### Records from a collection
--------------------------------
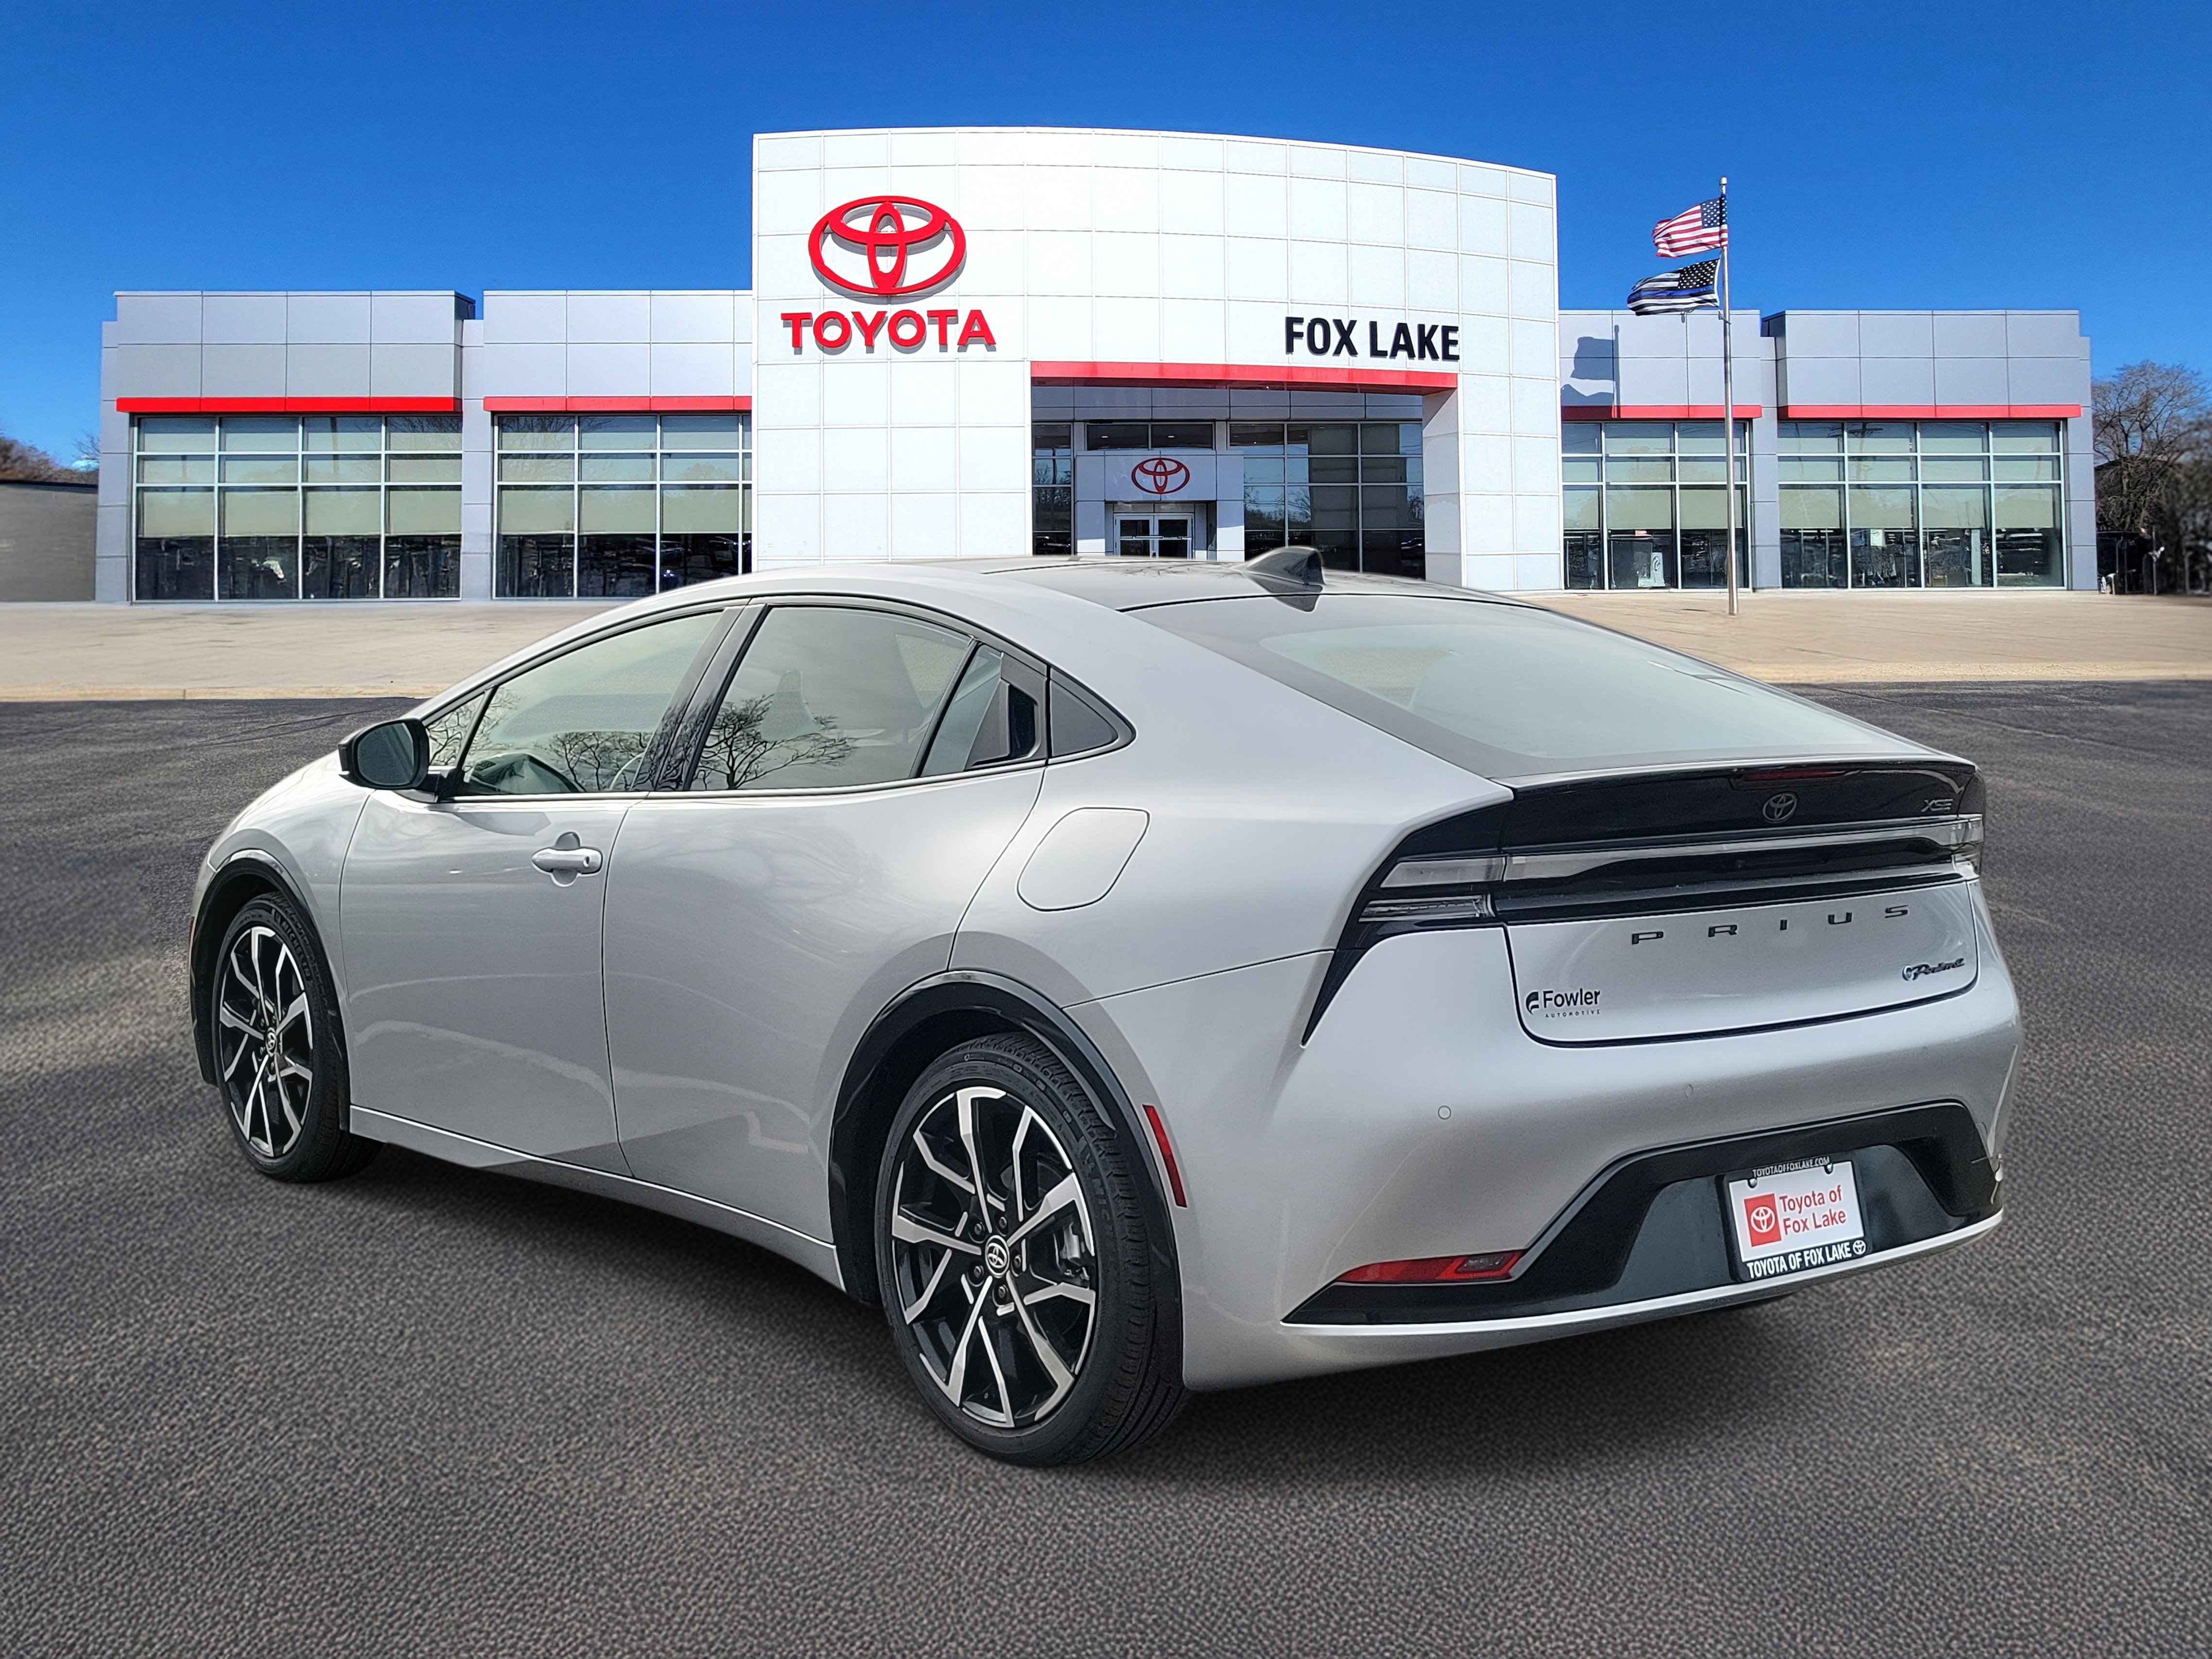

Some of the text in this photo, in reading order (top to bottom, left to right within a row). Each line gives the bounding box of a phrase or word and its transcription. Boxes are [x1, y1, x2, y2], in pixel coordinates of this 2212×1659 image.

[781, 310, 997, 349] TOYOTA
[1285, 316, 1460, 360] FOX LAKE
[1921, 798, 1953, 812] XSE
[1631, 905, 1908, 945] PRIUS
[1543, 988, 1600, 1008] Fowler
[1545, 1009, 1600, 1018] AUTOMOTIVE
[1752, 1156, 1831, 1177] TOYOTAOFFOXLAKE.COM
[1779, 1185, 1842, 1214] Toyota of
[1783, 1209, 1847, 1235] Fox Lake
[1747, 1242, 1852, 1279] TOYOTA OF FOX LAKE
--------------------------------
### EXERCISE GOAL
The answer is a faithful copy of the records above, with the pictures removed.

### FINISHED EXERCISE
Some of the text in this photo, in reading order (top to bottom, left to right within a row). Each line gives the bounding box of a phrase or word and its transcription. Boxes are [x1, y1, x2, y2], in pixel coordinates of this 2212×1659 image.

[781, 310, 997, 349] TOYOTA
[1285, 316, 1460, 360] FOX LAKE
[1921, 798, 1953, 812] XSE
[1631, 905, 1908, 945] PRIUS
[1543, 988, 1600, 1008] Fowler
[1545, 1009, 1600, 1018] AUTOMOTIVE
[1752, 1156, 1831, 1177] TOYOTAOFFOXLAKE.COM
[1779, 1185, 1842, 1214] Toyota of
[1783, 1209, 1847, 1235] Fox Lake
[1747, 1242, 1852, 1279] TOYOTA OF FOX LAKE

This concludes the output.